The script works by reading in a logfile on STDIN and matching each line against $regex to extract individual fields. The script then computes summary statistics, counting the number of requests per unique IP address and per unique Web server user agent. Because combined-format logfiles are large, you can output a . to stderr every 1,000 lines to reflect the parsing progress. If the output of the script is redirected to a file, the end report will appear in the file, but the .‘s will only appear on the user’s screen.

{mospagebreak title=Parsing Command-Line Arguments}

When you are running a PHP script on the command line, you obviously can’t pass arguments via $_GET and $_POST variables (the CLI has no concept of these Web protocols). Instead, you pass in arguments on the command line. Command-line arguments can be read in raw from the $argv autoglobal.

The following script:

#!/usr/bin/env php
<?php
 print_r($argv);
?>

when run as this:

> ./dump_argv.php foo bar barbara

gives the following output:

Array
(
  [0] => dump_argv.php
  [1] => foo
  [2] => bar
  [3] => barbara
)

Notice that $argv[0] is the name of the running script.
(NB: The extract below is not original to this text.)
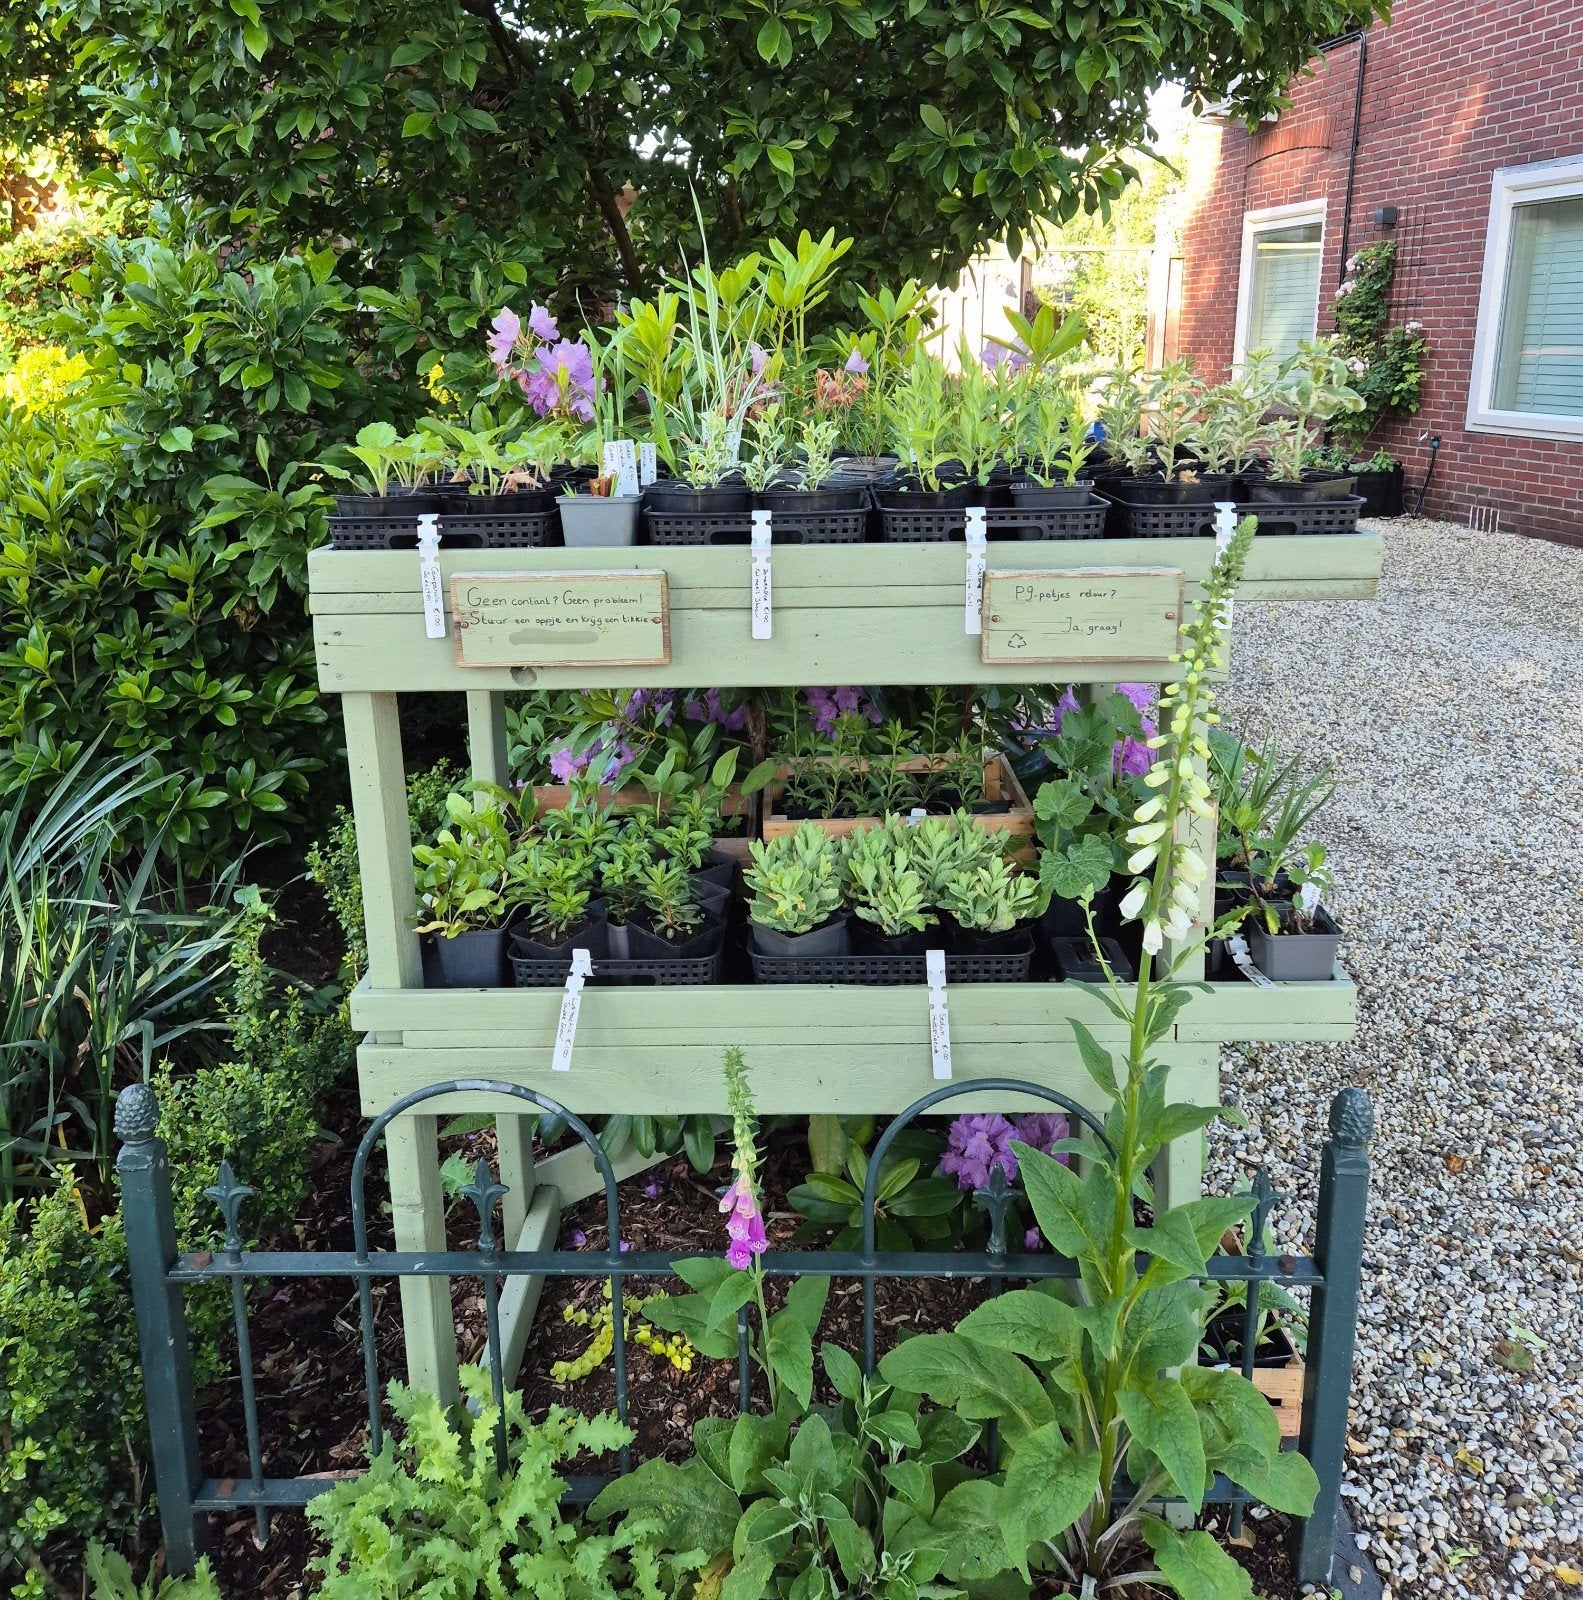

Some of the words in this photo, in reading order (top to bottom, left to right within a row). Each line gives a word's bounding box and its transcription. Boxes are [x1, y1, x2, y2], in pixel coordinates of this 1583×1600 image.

Taking configuration directly from $argv can be frustrating because it requires you to put your options in a specific order. A more robust option than parsing options by hand is to use PEAR’s Console_Getopt package. Console_Getopt provides an easy interface to use to break up command-line options into an easy-to-manage array. In addition to simple parsing, Console_Getopt handles both long and short options and provides basic validation to ensure that the options passed are in the correct format.
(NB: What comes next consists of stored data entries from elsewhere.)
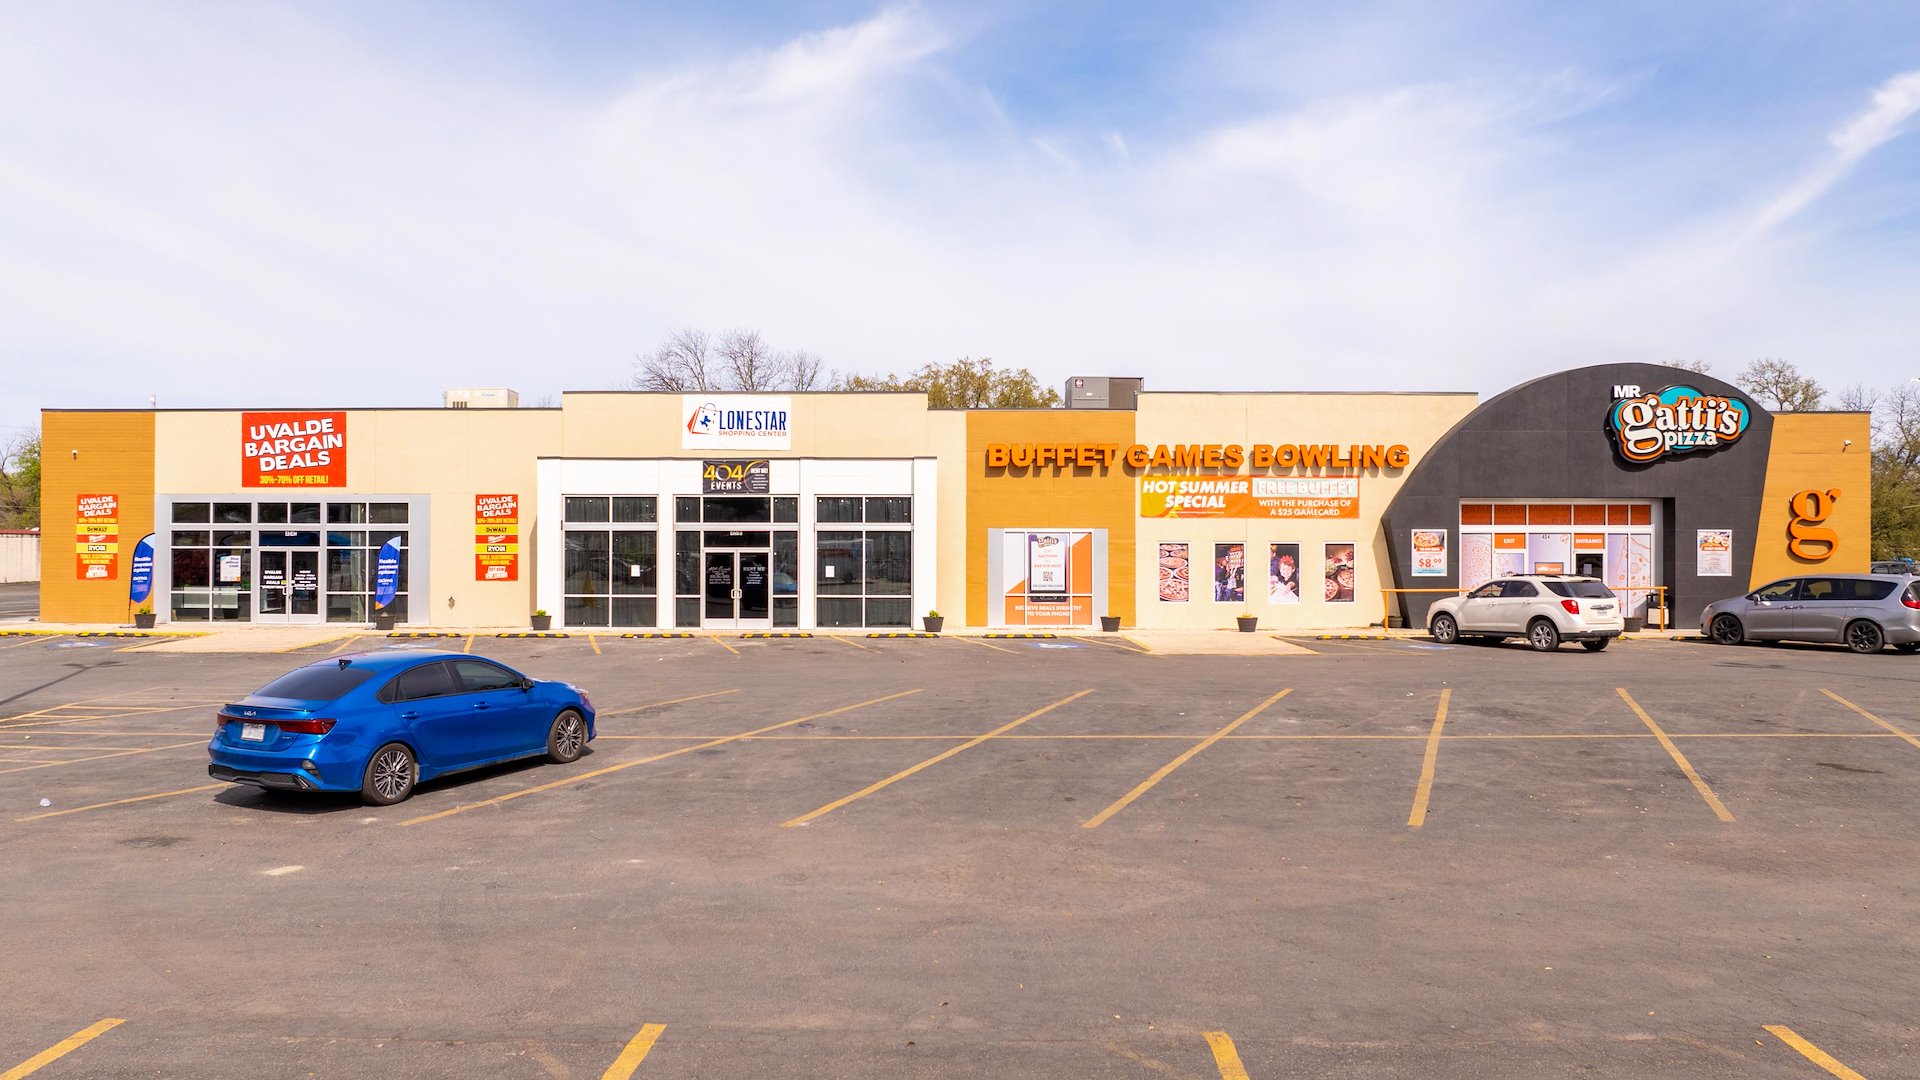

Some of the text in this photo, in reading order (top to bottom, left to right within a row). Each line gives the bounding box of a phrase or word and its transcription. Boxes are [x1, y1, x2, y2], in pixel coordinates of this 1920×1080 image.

[1613, 385, 1641, 398] MR
[719, 410, 787, 431] LONESTAR
[1622, 398, 1739, 454] gatti's
[250, 418, 334, 441] UVALDE
[244, 433, 343, 457] BARGAIN
[1663, 427, 1718, 451] pizza
[259, 451, 331, 472] DEALS
[988, 443, 1410, 468] BUFFET GAMES BOWLING
[260, 475, 328, 484] 30%-70% OFF RETAIL!
[703, 465, 744, 481] 404
[711, 482, 742, 491] EVENTS
[1142, 480, 1249, 494] HOT SUMMER
[1257, 480, 1354, 495] FREE BUFFET
[78, 502, 117, 511] BARGAIN
[80, 496, 113, 505] UVALDE
[477, 502, 517, 511] BARGAIN
[479, 496, 513, 505] UVALDE
[1165, 495, 1226, 508] SPECIAL
[1259, 499, 1280, 507] WITH
[1281, 499, 1295, 507] THE
[84, 509, 112, 517] DEALS
[483, 509, 512, 517] DEALS
[1270, 508, 1340, 517] A $25 GAMECARD
[1790, 488, 1842, 560] g
Console_Getopt works by being given format strings for the arguments you expect. Two forms of options can be passed: short options and long options.

Short options are single-letter options with optional data. The format specifier for the short options is a string of allowed tokens. Option letters can be followed with a single : to indicate that the option requires a parameter or with a double :: to indicate that the parameter is optional.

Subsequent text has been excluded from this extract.